AMD has announced its upcoming Naples platform. However, the official name of the product name will not be Naples and several name options are still debated internally at AMD.
According to AnandTech, Dr. Lisa Su, CEO of AMD, the launch of Naples CPUs for data centers will be an important move for AMD, as the enterprise market can bring billions of dollars to the bottom line. If AMD will be able to rejoin the x86 enterprise niche and become again a big player in the field, it can take a significant market share from Intel as well as stop some of ARMs ambitions.
Naples is based on AMD Zen architecture. The top end processor will feature a total of 32 cores. The CPU will be capable of a total of 64 threads with simultaneous multi-threading (SMT). This will be paired with a total of 16 DIMMs (up to two DIMMs per channel for eight channels of DDR4 memory). A single Naples CPU will support 128 PCIe 3.0 lanes.

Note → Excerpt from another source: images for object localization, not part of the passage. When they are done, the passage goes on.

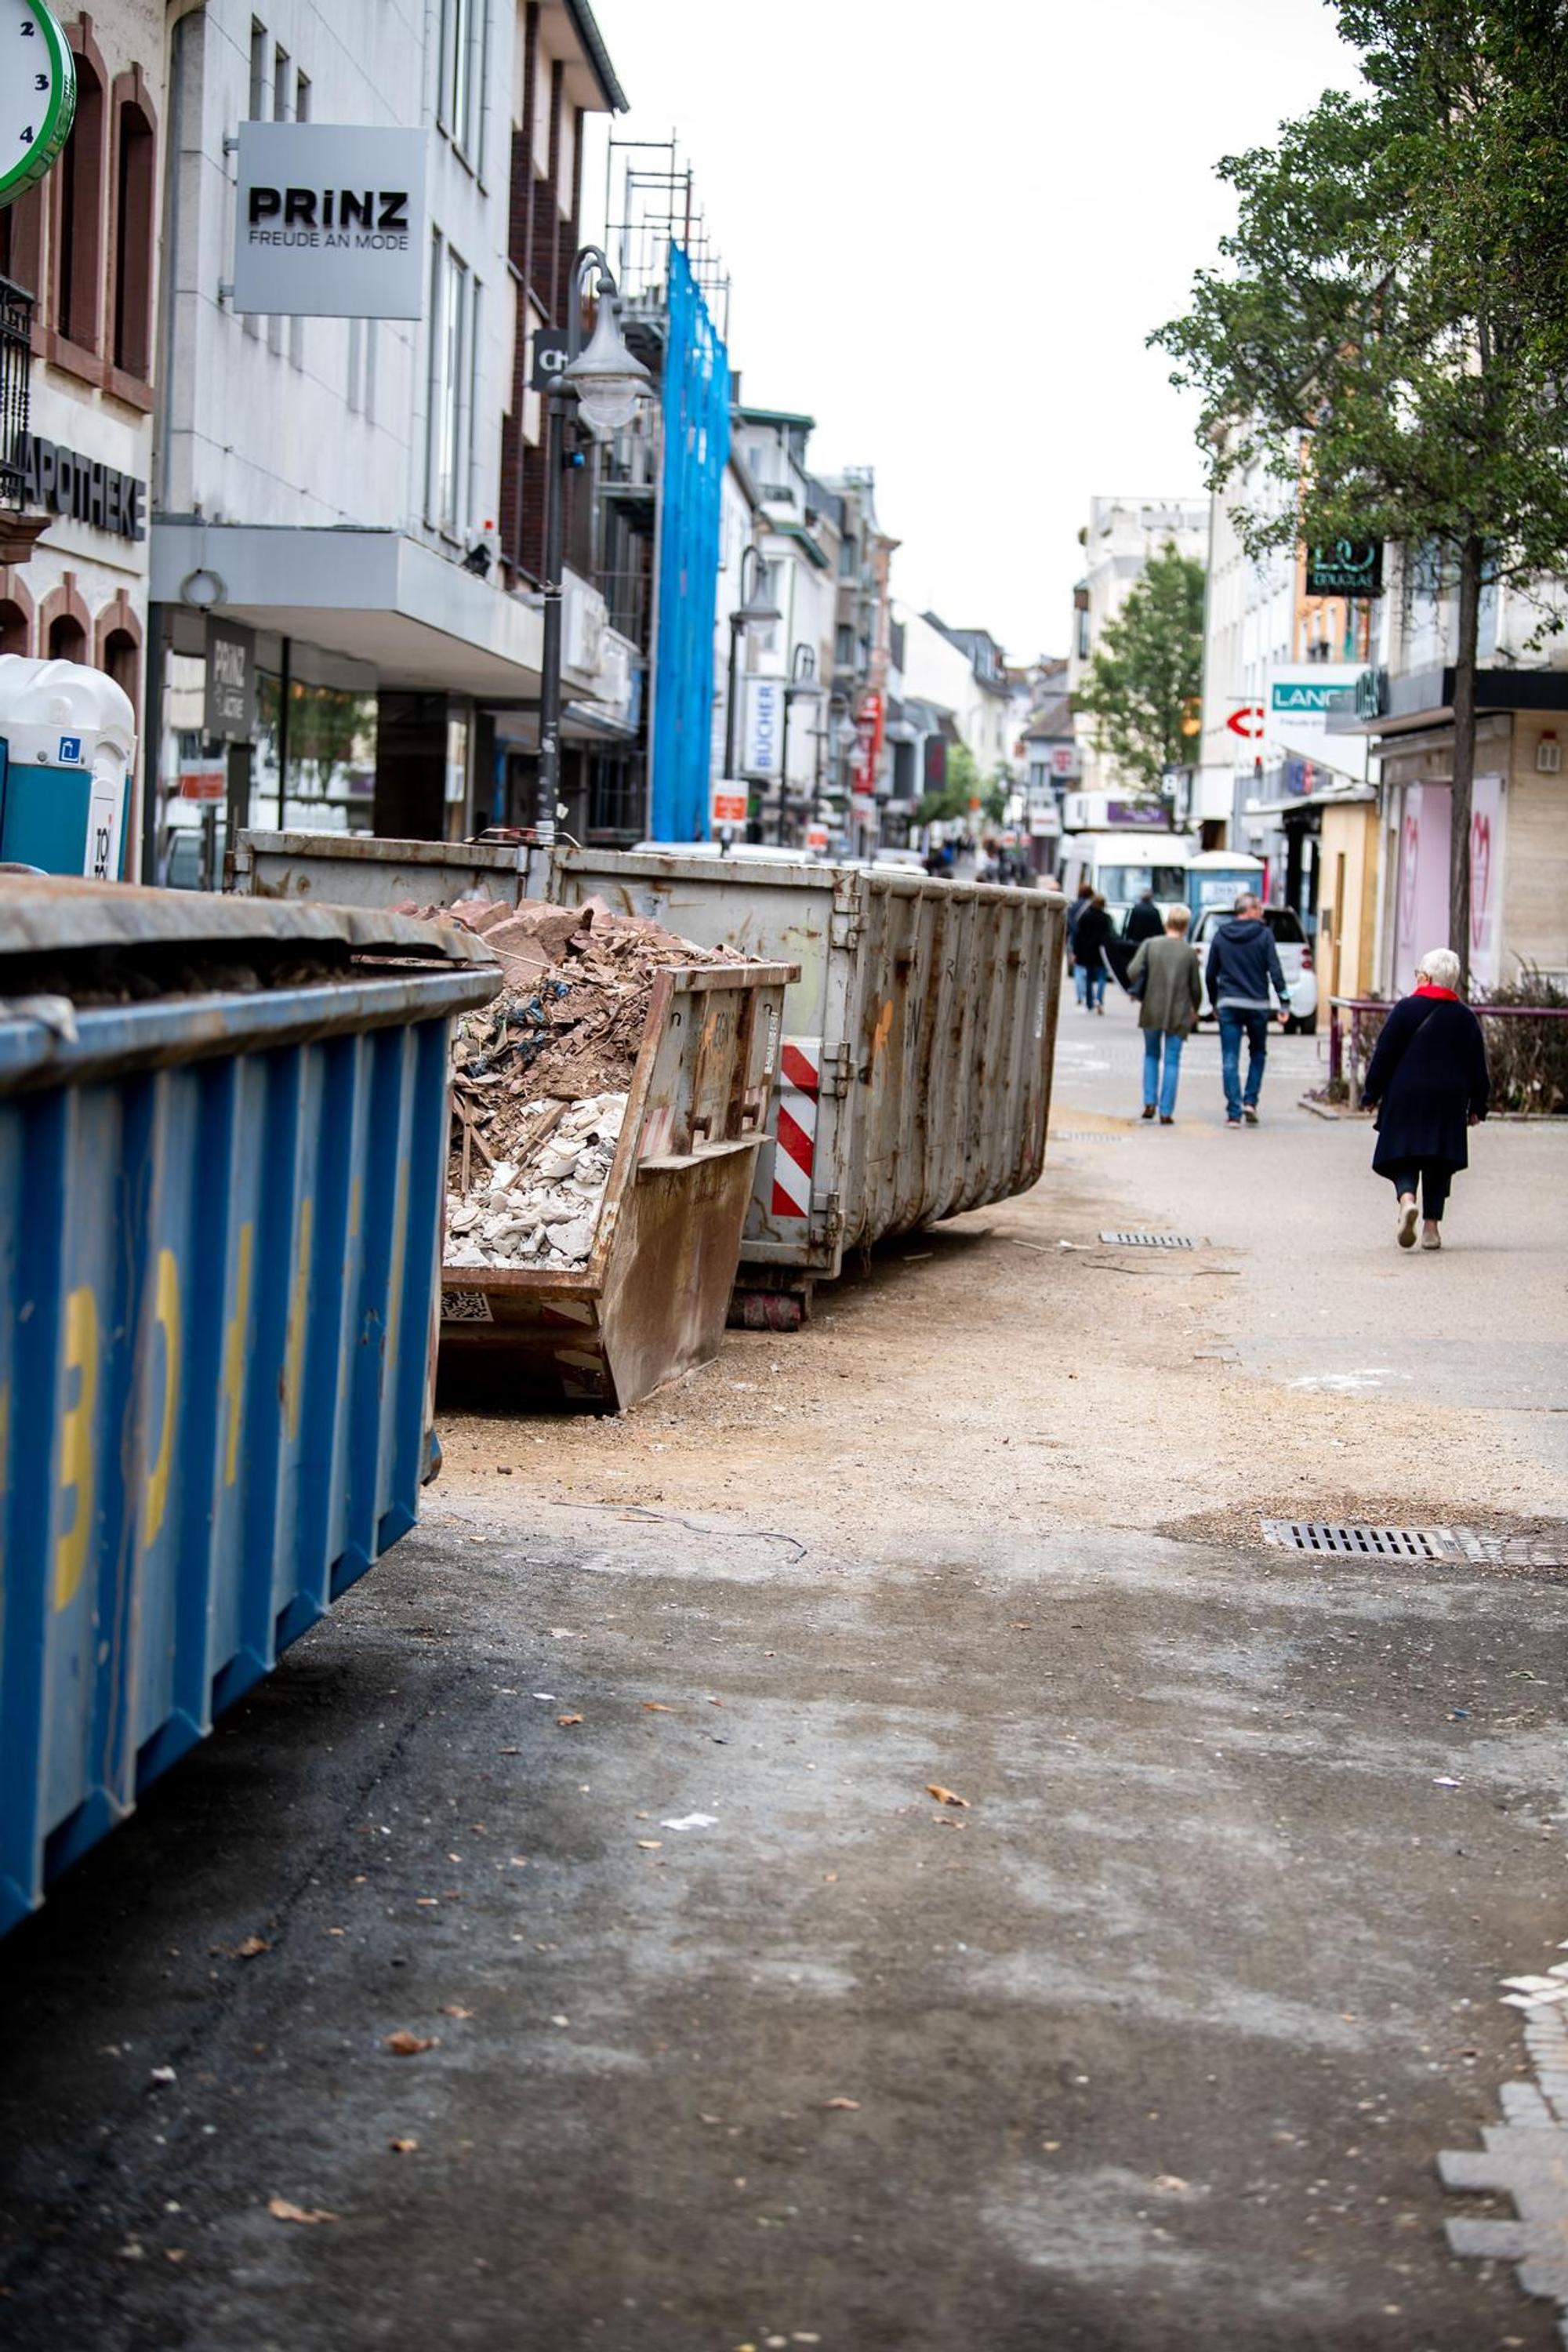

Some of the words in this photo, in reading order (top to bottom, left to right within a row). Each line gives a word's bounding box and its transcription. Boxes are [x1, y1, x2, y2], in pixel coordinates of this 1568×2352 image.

[20, 22, 34, 37] 2
[34, 74, 49, 91] 3
[20, 126, 34, 143] 4
[249, 187, 408, 229] PRiNZ
[249, 230, 320, 247] FREUDE
[324, 234, 350, 249] AN
[356, 236, 408, 250] MODE
[22, 431, 146, 541] APOTHEKE
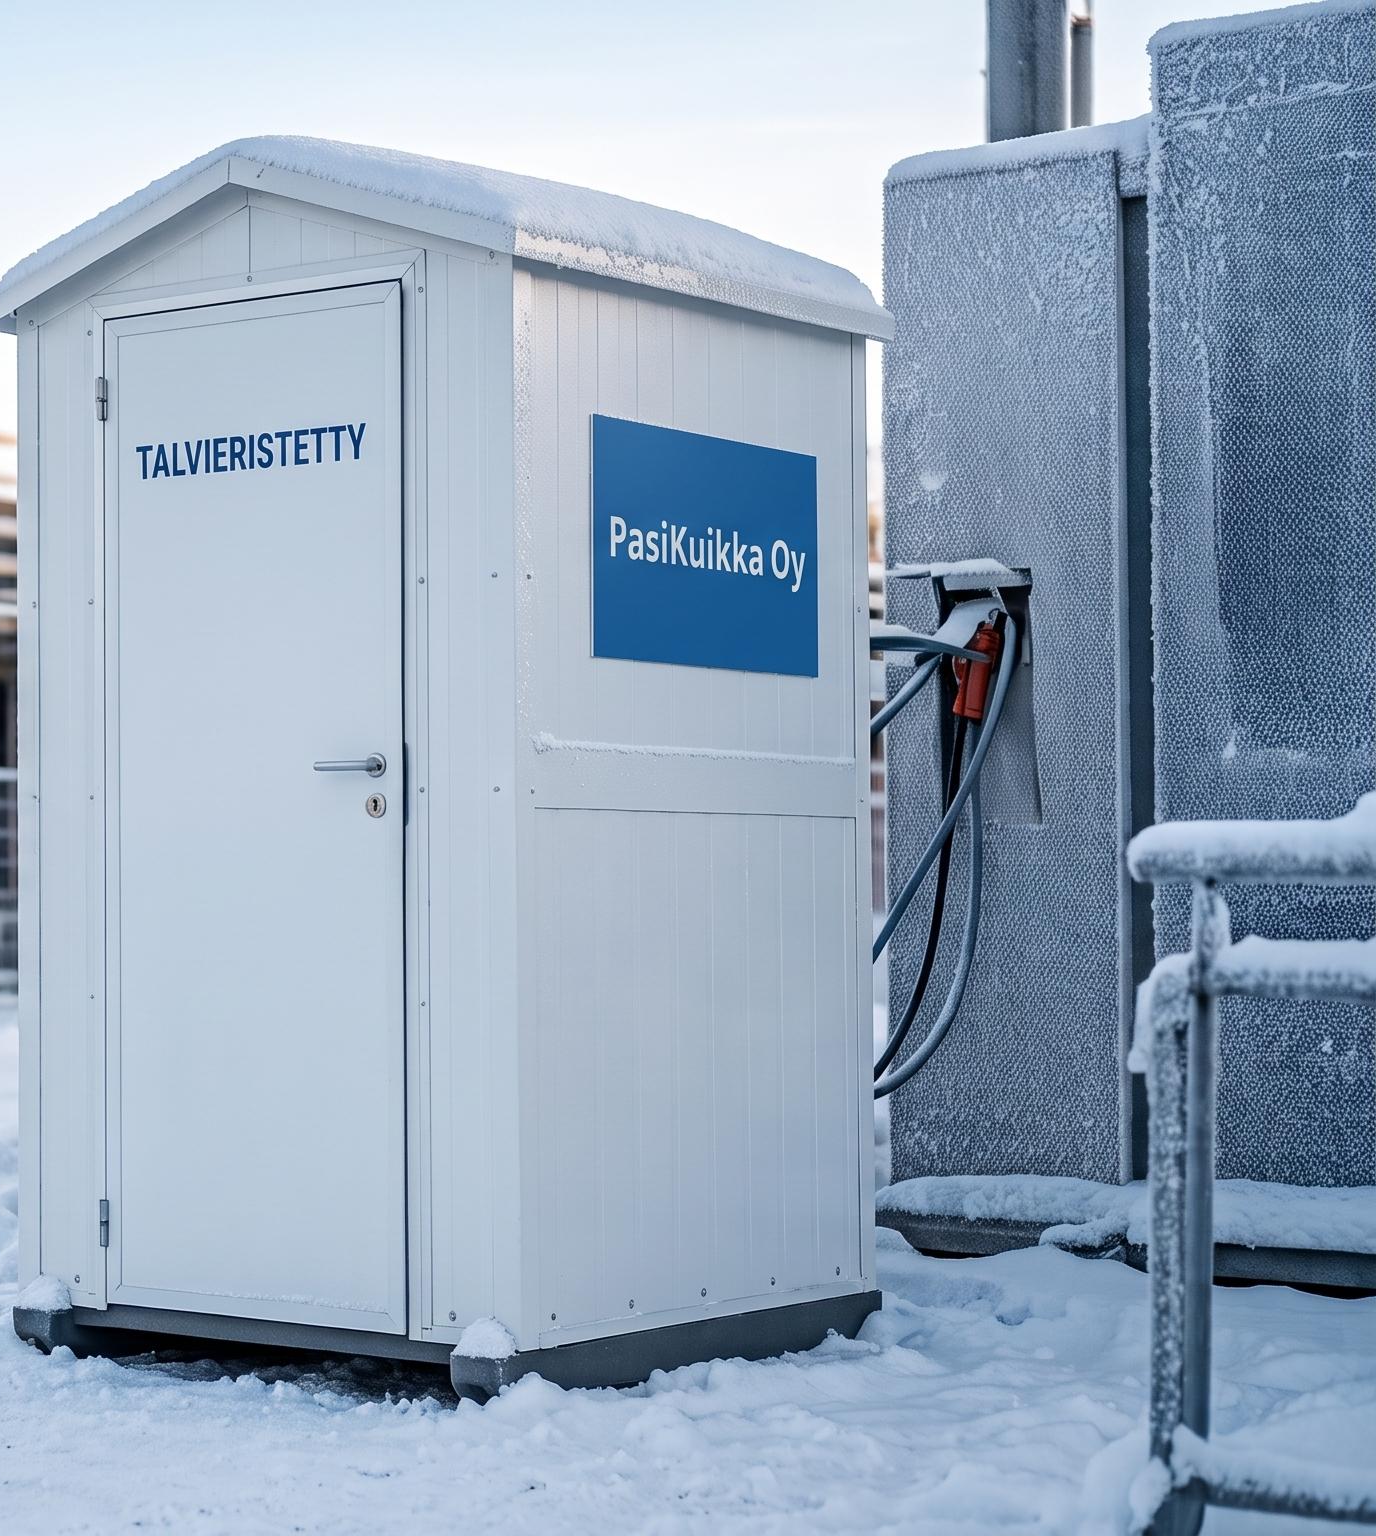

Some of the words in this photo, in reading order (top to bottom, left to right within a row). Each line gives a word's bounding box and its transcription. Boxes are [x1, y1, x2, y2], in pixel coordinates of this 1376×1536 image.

[136, 423, 366, 479] TALVIERISTETTY
[610, 516, 763, 576] PasiKuikka
[771, 540, 805, 592] Oy
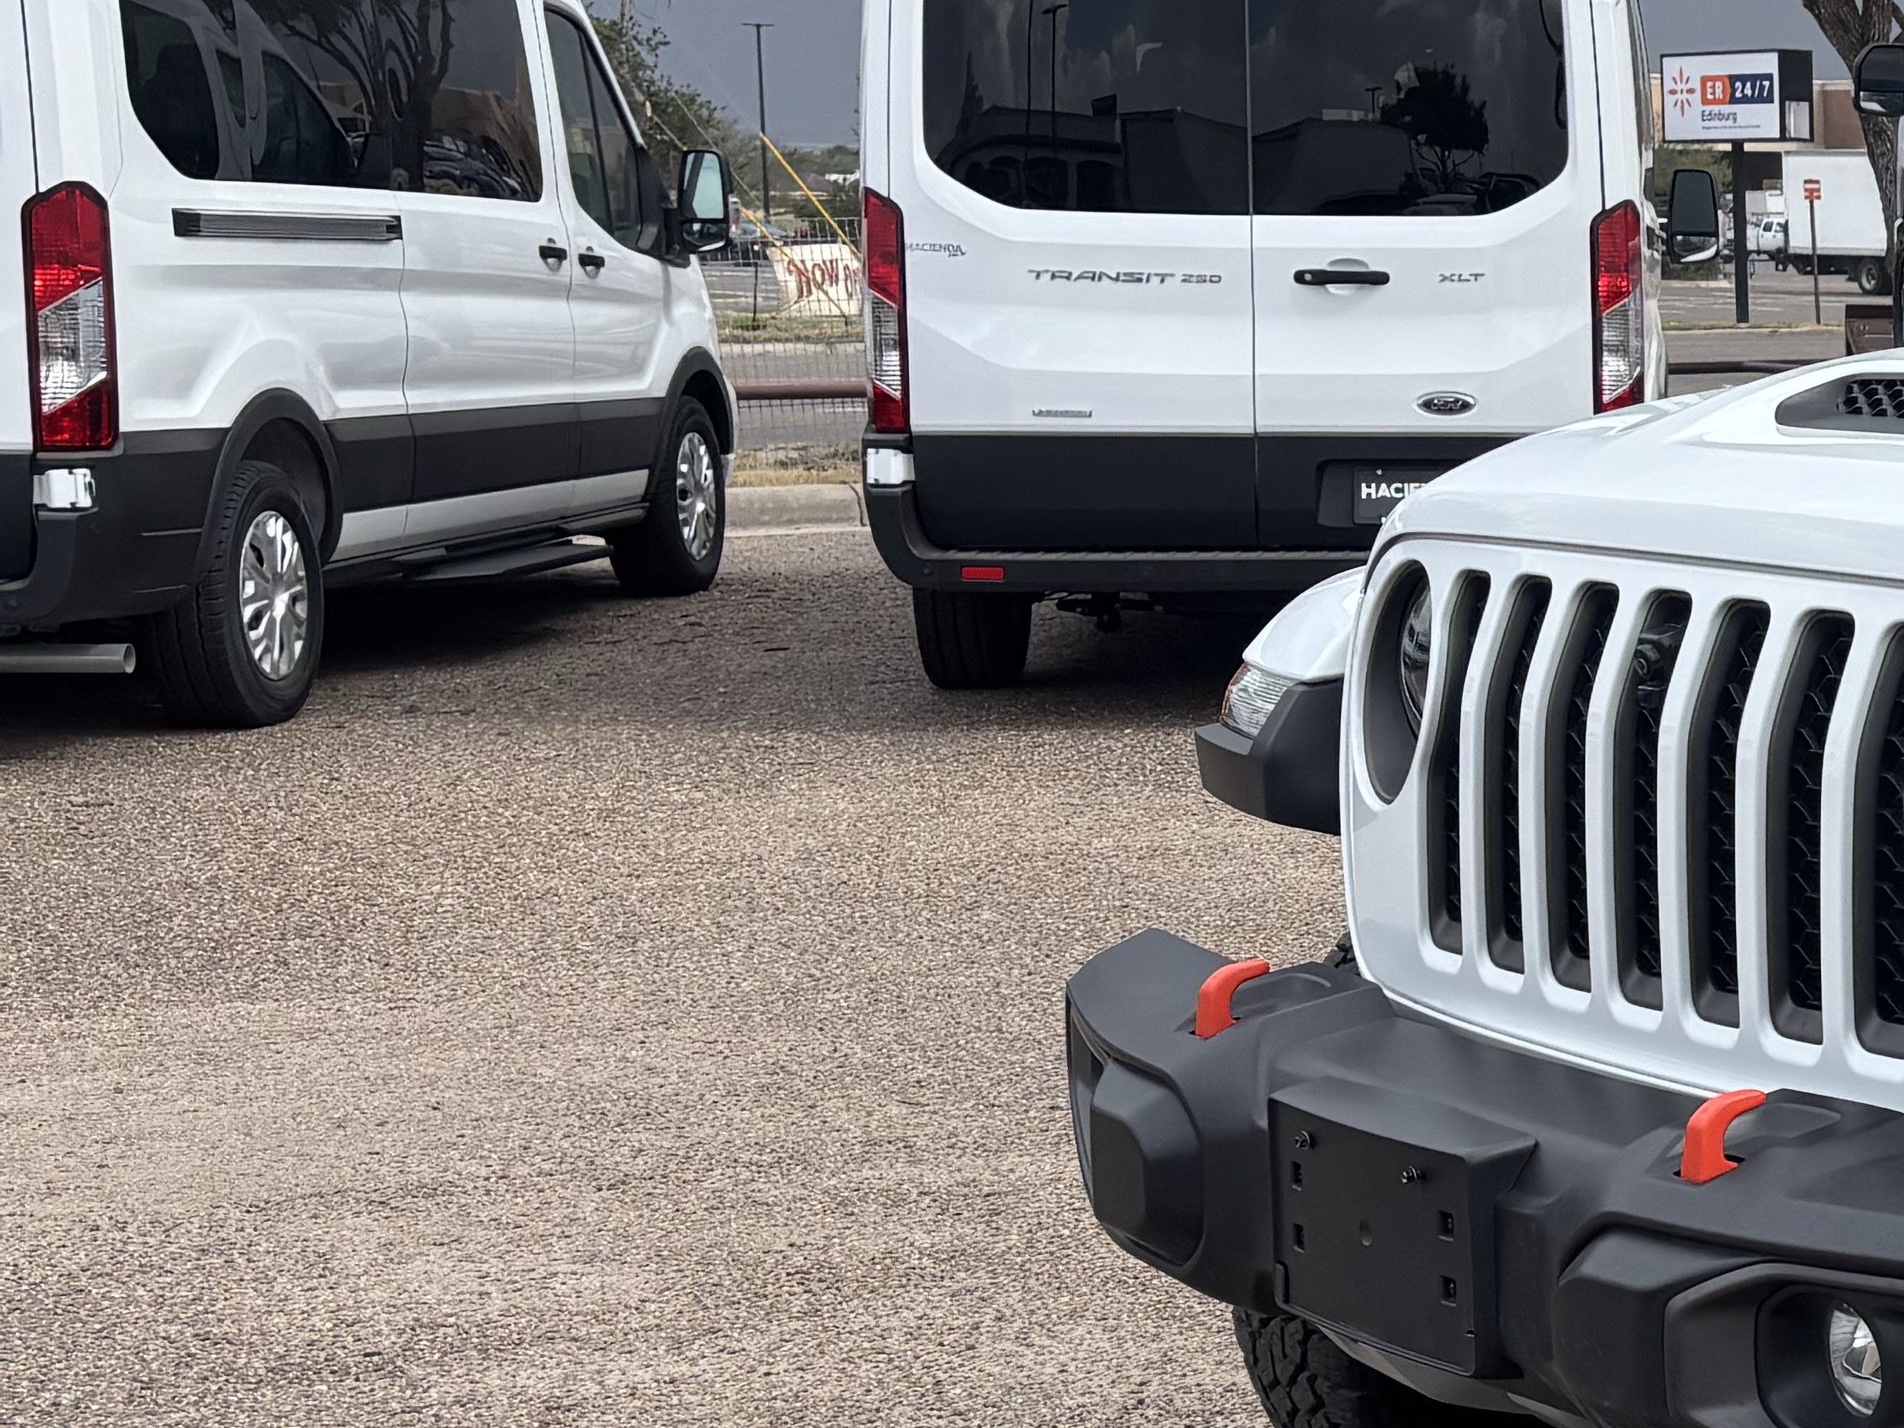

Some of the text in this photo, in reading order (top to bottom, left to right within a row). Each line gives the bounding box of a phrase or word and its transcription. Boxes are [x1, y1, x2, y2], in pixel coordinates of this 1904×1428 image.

[1706, 80, 1771, 100] ER 24/7
[1701, 109, 1738, 124] Edinburg
[1027, 269, 1223, 285] TRANSIT 250
[1438, 273, 1485, 283] XLT
[1360, 482, 1430, 500] HACIE

Coming with USB, internal IO for storage and other things, Naples can be considered as a system-on-a-chip (SoC). According to PC Mag, Naples is aimed to compete with Intel's Xeon processors in the PC server market. The CPU will be offered as either a dual processor platform (2P) or a single processor platform (1P). In dual processor mode the system will provide 64 cores and 128 threads.
As part of AMD's Infinity Fabric, each processor in dual mode will use 64 of its PCIe lanes as a communication bus between the processors. Bandwidth is designed to be on the order of PCIe, but the Infinity Fabric uses a custom protocol over these lanes. Each core uses 64 PCIe lanes to talk to the other, allowing each of the CPUs to give 64 lanes to the rest of the system for a total of 128 PCIe 3.0.
With eight channels and two DIMMs per channel, on the memory side the Naples CPU will support up to 2 TB of DRAM per socket, for a total of 4 TB in a single server. A single CPU provides a total memory bandwidth of 170 GB/s.